The film follows the life of Sakamoto Chiyo from childhood through World War II and beyond. Even as her mother lay dying, she and her sister were sold, Chiyo going to a geisha house and her sister to a brothel. Robbed of family and friends, Chiyo was soon stripped of her dignity as well, as the jealous machinations of Hatsumomo (Gong Li) lead to her becoming little more than a slave. In the midst of her misery, she meets a most kind man on the streets, a man known as the Chairman (Ken Watanabe), and commits herself to somehow becoming a geisha and meeting the Chairman again. This love she feels for the only person to show her any real kindness only grows over time. Fate finally smiles upon her when Mameha (Yeoh), a famous geisha from a rival house, takes her under her wing as part of an elaborate plan to deny Hatsumomo the power and influence she yearns for. Not only does Mamaha transform Chiyo almost overnight, she grooms her into the most famous geisha in that part of Japan. Even with her dream fulfilled, however, Chiyo -- now known as Sayuri -- does not know happiness. While she has found a place near the Chairman, she is compelled to give most of her attention to his friend Nobu, and her only real friend is now lost to her. Then comes the Japanese defeat at the hands of the Americans, seemingly ending Sayuri's geisha days forever. Fate eventually grants her one more chance: to don the kimono and to win the love traditionally denied the geisha.

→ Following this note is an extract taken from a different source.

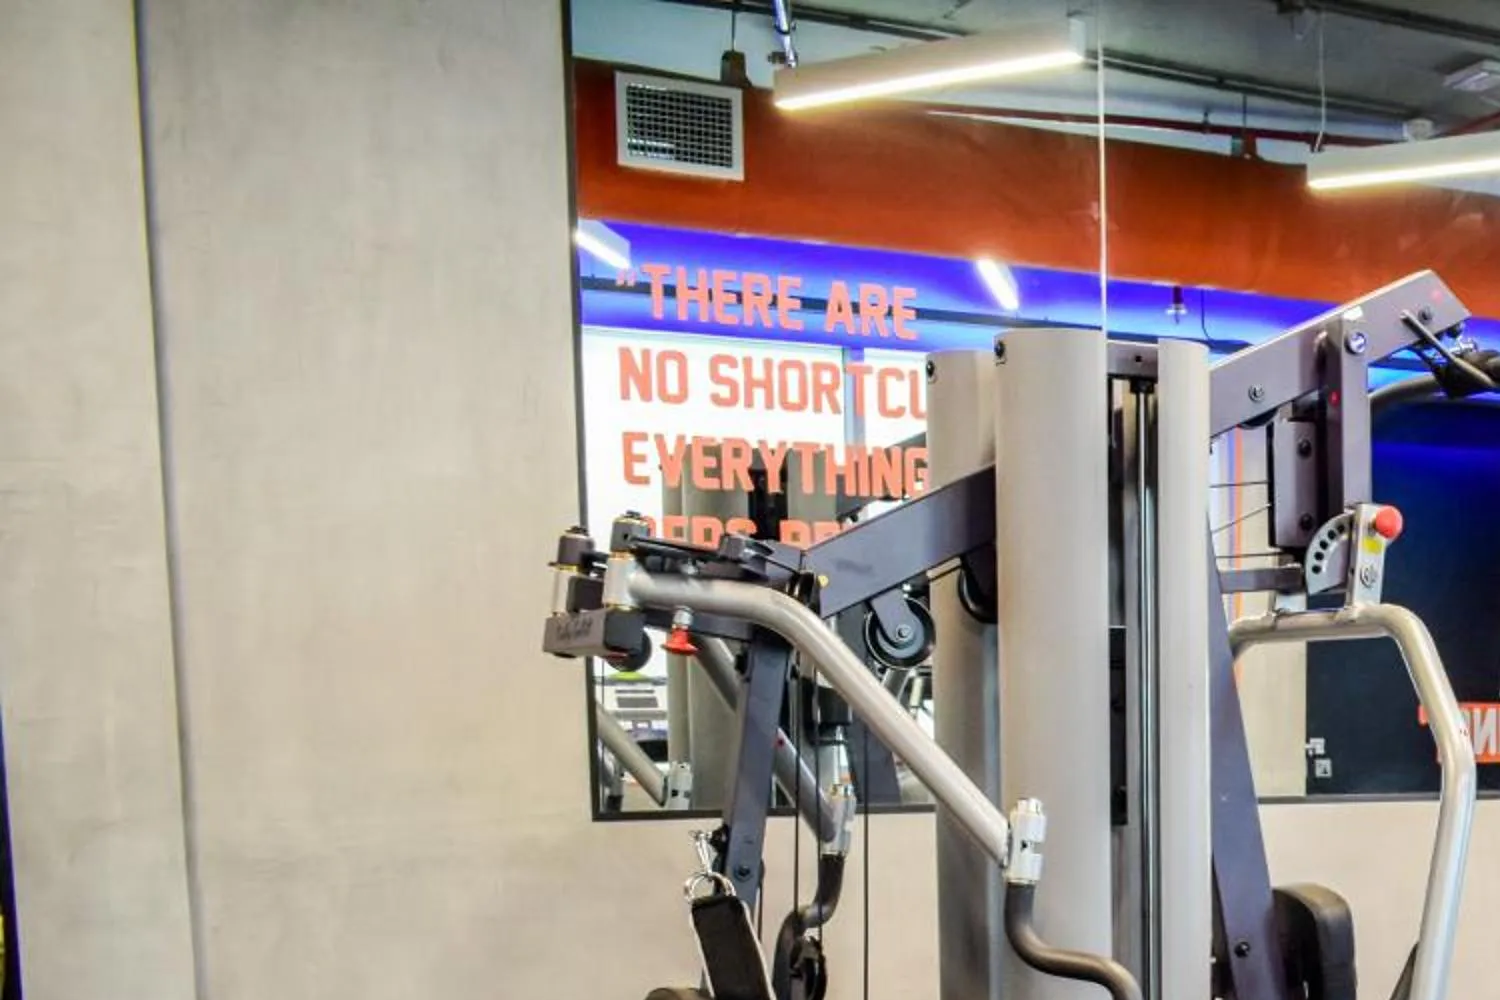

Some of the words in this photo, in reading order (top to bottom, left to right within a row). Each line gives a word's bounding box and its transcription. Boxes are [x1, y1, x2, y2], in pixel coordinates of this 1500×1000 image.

[825, 280, 918, 340] ARE
[618, 346, 689, 404] NO
[622, 432, 929, 499] EVERYTHING
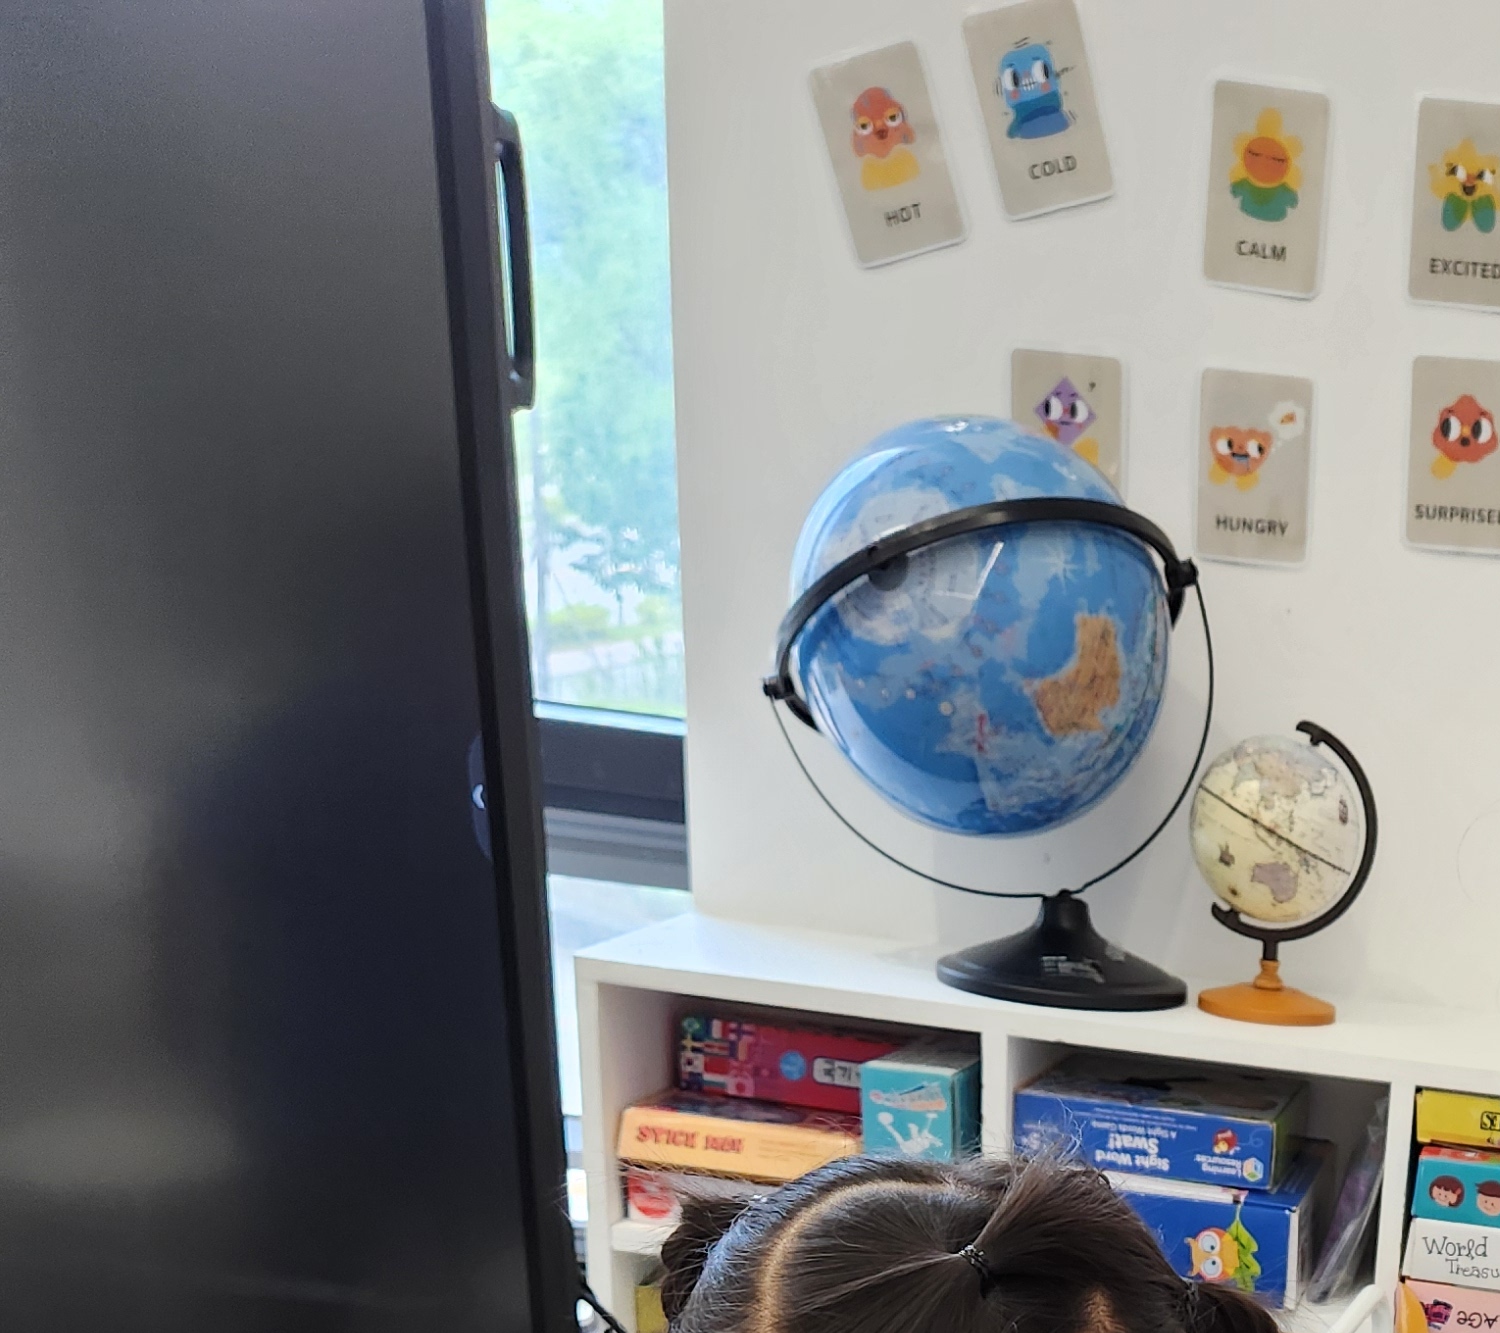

I think Memoirs of a Geisha is an exquisite film immersed in all forms of beauty. This is, when all is said and done, a love story that etches itself permanently into your memory. Admittedly, my fondness and admiration for Ziyi Zhang probably made the story more appealing that it would have been otherwise, but Zhang is such an expressive and talented actress, how can you not immerse yourself in the suffering she endures? All of the inner tumult that lies underneath the makeup and fancy clothes is most tellingly revealed in the dance she performs as part of what could be called her debut. Her graceful movements soon give way to a wild yet artful desperation that I can hardly describe. It is the creepiest (and most fascinating) dance I have ever seen -- and it's only one of many gorgeous scenes in this exotic, undeniably poignant human drama.